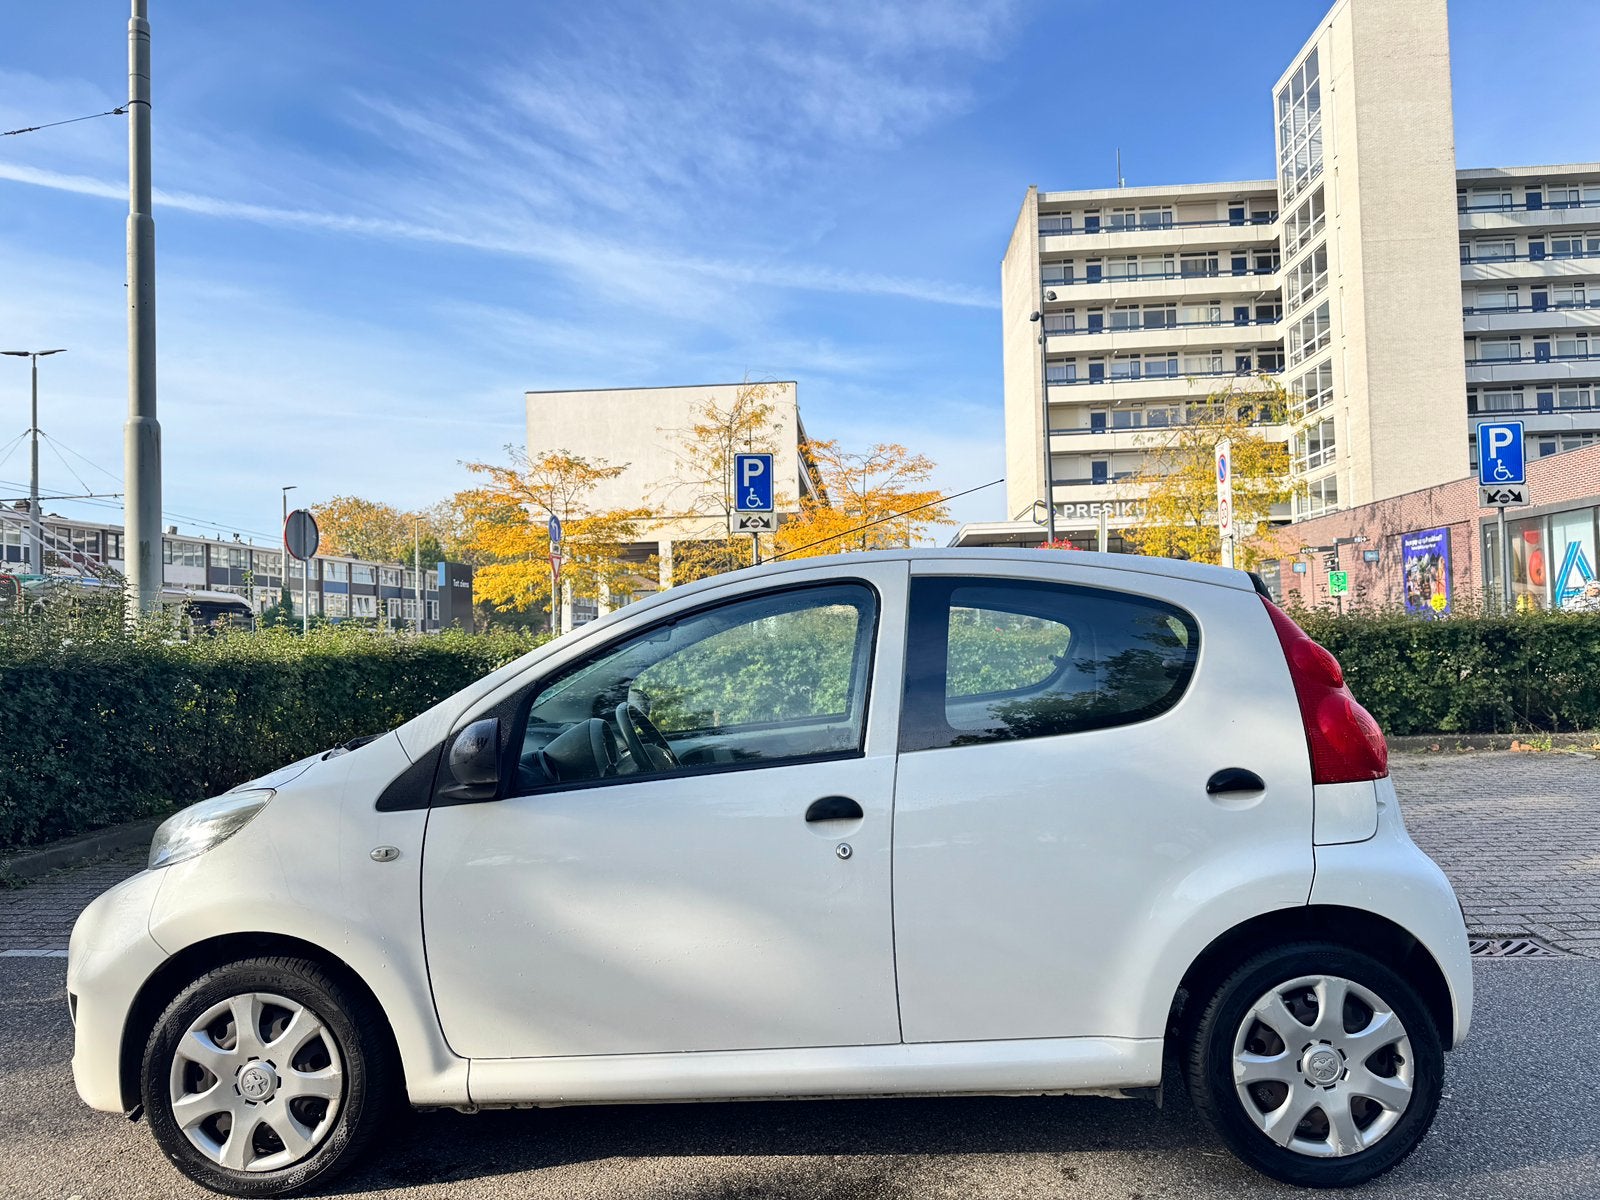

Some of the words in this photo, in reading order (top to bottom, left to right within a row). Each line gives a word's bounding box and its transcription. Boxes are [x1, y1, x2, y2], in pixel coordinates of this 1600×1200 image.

[1489, 428, 1513, 458] P
[743, 459, 764, 487] P
[1063, 501, 1160, 518] PRESIKH
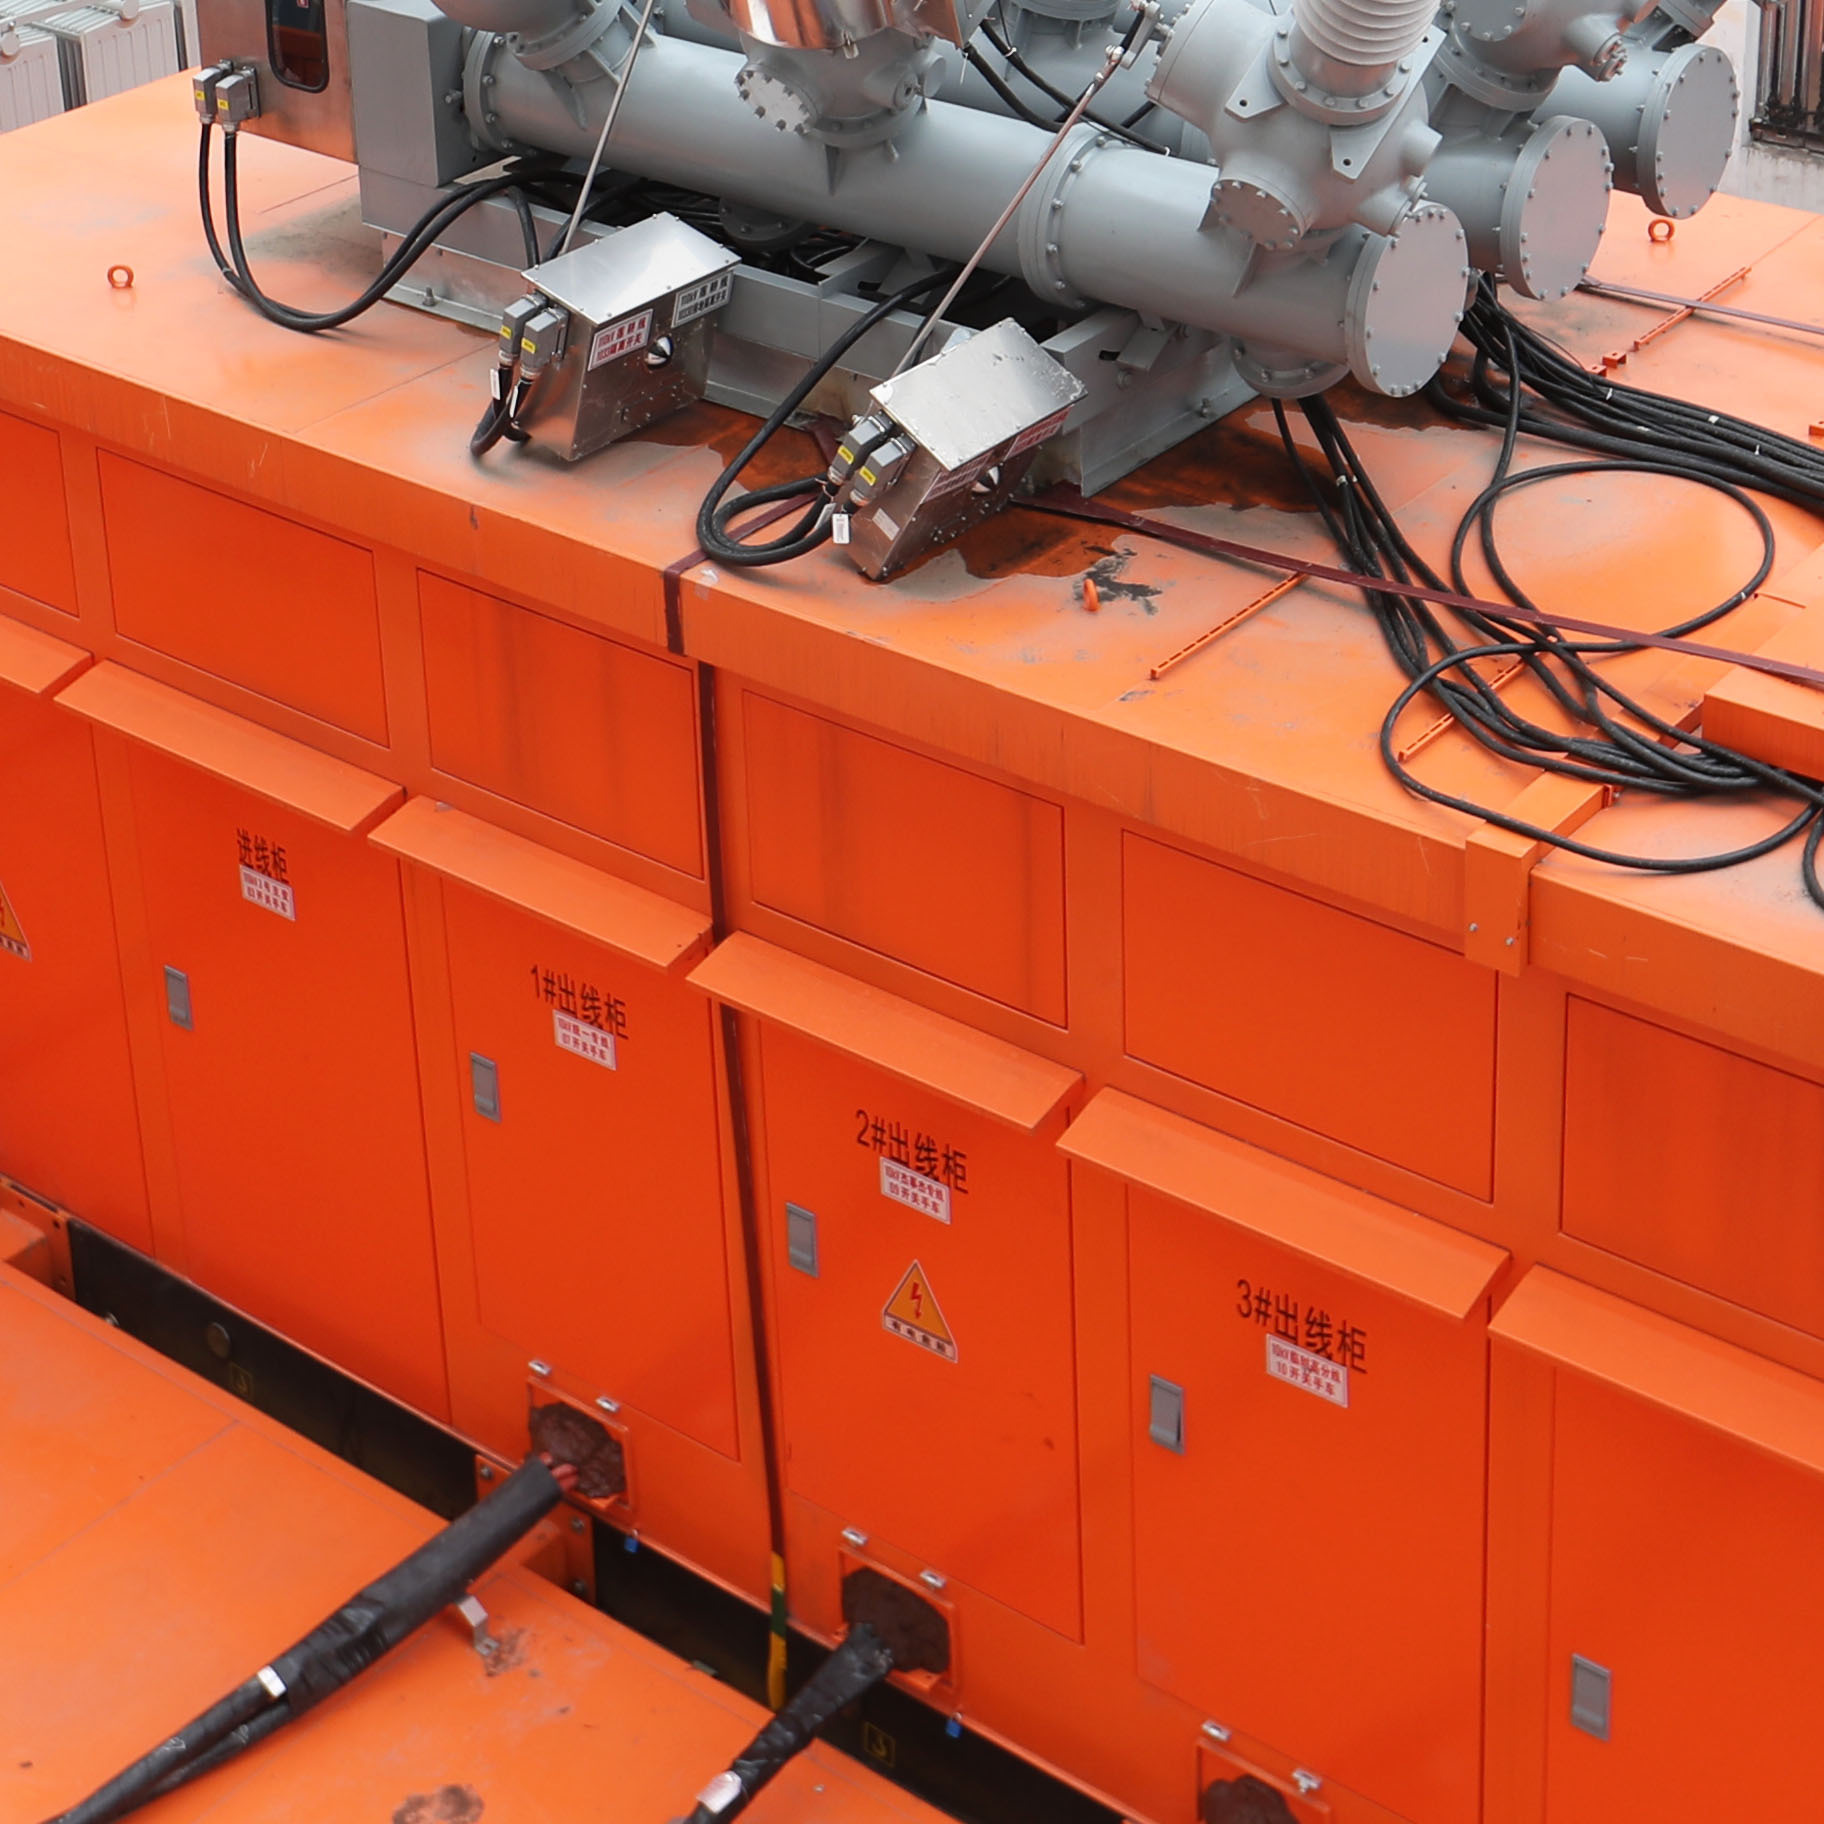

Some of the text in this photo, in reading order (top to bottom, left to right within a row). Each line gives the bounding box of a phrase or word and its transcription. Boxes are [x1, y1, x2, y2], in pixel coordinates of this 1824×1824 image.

[237, 828, 289, 884] 进线柜
[531, 964, 628, 1040] 1#出线柜
[856, 1109, 968, 1194] 2#出线柜
[1237, 1279, 1368, 1374] 3#出线柜

- - - -

Output each entry above word for word. The pictures stay out.

▶ _EXERCISE RESPONSE_
Some of the words in this photo, in reading order (top to bottom, left to right within a row). Each line gives a word's bounding box and its transcription. Boxes are [x1, y1, x2, y2], in pixel coordinates of this 1600×1200 image.

[1489, 428, 1513, 458] P
[743, 459, 764, 487] P
[1063, 501, 1160, 518] PRESIKH

Some of the text in this photo, in reading order (top to bottom, left to right within a row). Each line gives the bounding box of a phrase or word and its transcription. Boxes are [x1, y1, x2, y2], in pixel coordinates of this 1824×1824 image.

[237, 828, 289, 884] 进线柜
[531, 964, 628, 1040] 1#出线柜
[856, 1109, 968, 1194] 2#出线柜
[1237, 1279, 1368, 1374] 3#出线柜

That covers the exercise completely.